CodexBloom - Programming Q&A Platform

GCP Dataflow Pipeline scenarios with 'InvalidTableReference' scenarios When Writing to BigQuery

👀 Views: 0 đŸ’Ŧ Answers: 1 📅 Created: 2025-08-20
gcp dataflow bigquery apache-beam Python

I can't seem to get I'm working through a tutorial and I'm stuck trying to I'm having trouble with I'm working with an scenario with my Apache Beam Dataflow pipeline while trying to write data to BigQuery..... Despite having the correct configuration, I keep getting an 'InvalidTableReference' behavior. My BigQuery dataset and table are both correctly set up, and I confirmed that my service account has the necessary permissions.
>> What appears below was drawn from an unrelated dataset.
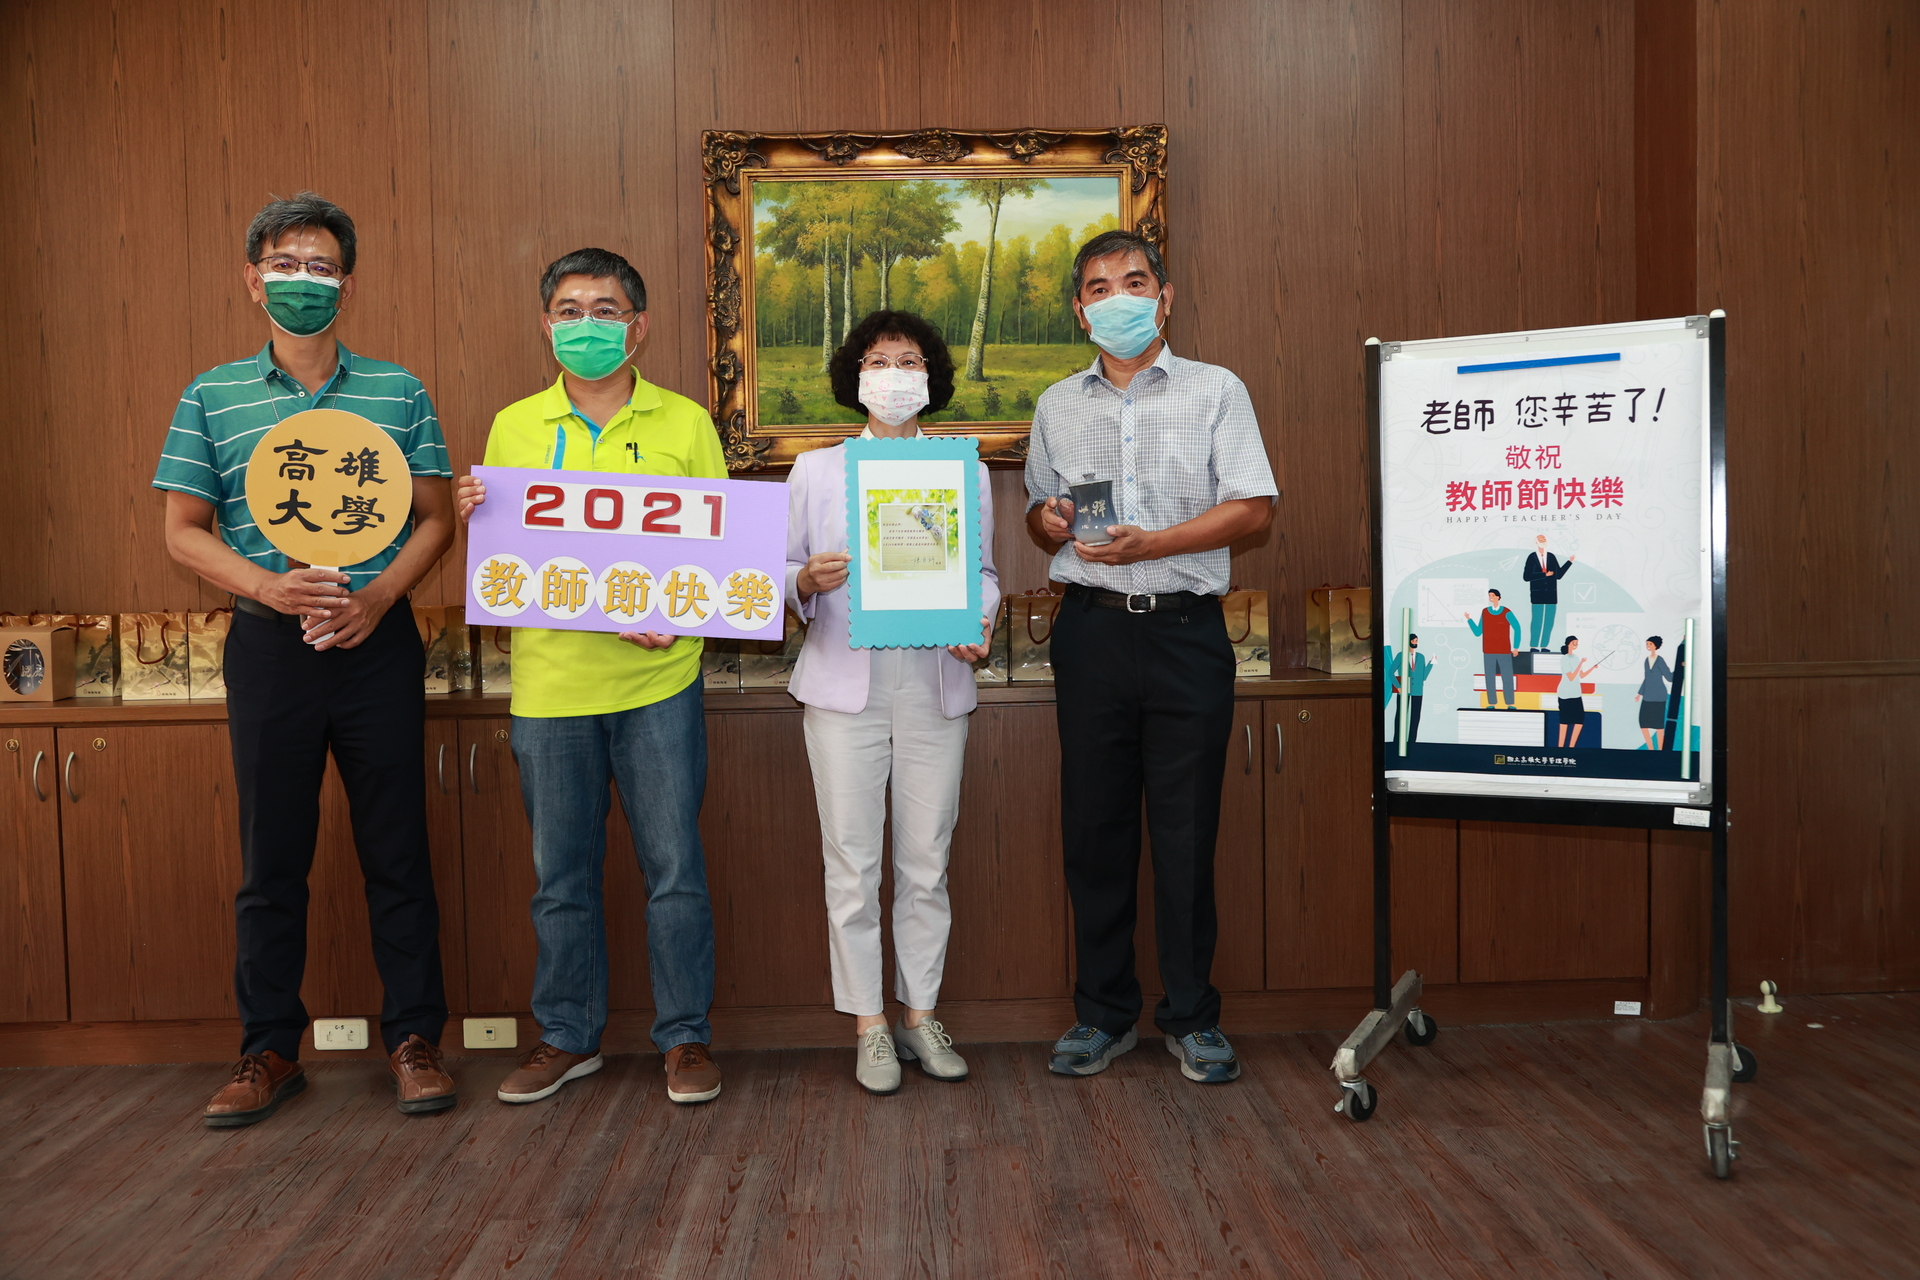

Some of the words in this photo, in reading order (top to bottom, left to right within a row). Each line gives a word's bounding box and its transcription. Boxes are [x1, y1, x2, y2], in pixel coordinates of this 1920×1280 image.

Here's the relevant code snippet for writing to BigQuery: ```python from apache_beam.io import WriteToBigQuery from apache_beam import Pipeline project_id = 'my-gcp-project' dataset_id = 'my_dataset' table_id = 'my_table' def run(): with Pipeline(options=PipelineOptions()) as p: (p | 'ReadFromSource' >> beam.io.ReadFromText('gs://my-bucket/source-data.txt') | 'TransformData' >> beam.Map(lambda x: {'field1': x.split(',')[0], 'field2': int(x.split(',')[1])}) | 'WriteToBigQuery' >> WriteToBigQuery( table='{}:{}.{})'.format(project_id, dataset_id, table_id), write_disposition=beam.io.BigQueryDisposition.WRITE_APPEND )) if __name__ == '__main__': run() ``` The behavior message I'm receiving is: ``` ValueError: Invalid table reference 'my-gcp-project:my_dataset.my_table': Table 'my-gcp-project:my_dataset.my_table' not found. ``` I've double-checked the dataset and table names, and they exist in the BigQuery interface. I'm using the following versions of libraries: - Apache Beam: 2.34.0 - Google Cloud BigQuery client: 2.34.0 I also verified that the service account used by Dataflow has roles `BigQuery Data Editor` and `BigQuery User`. Is there something I might be missing regarding the table reference or permissions that could lead to this scenario? I'm working with Python in a Docker container on Windows 11. Thanks for taking the time to read this! This issue appeared after updating to Python 3.9. I'm working with Python in a Docker container on Debian. I'd really appreciate any guidance on this.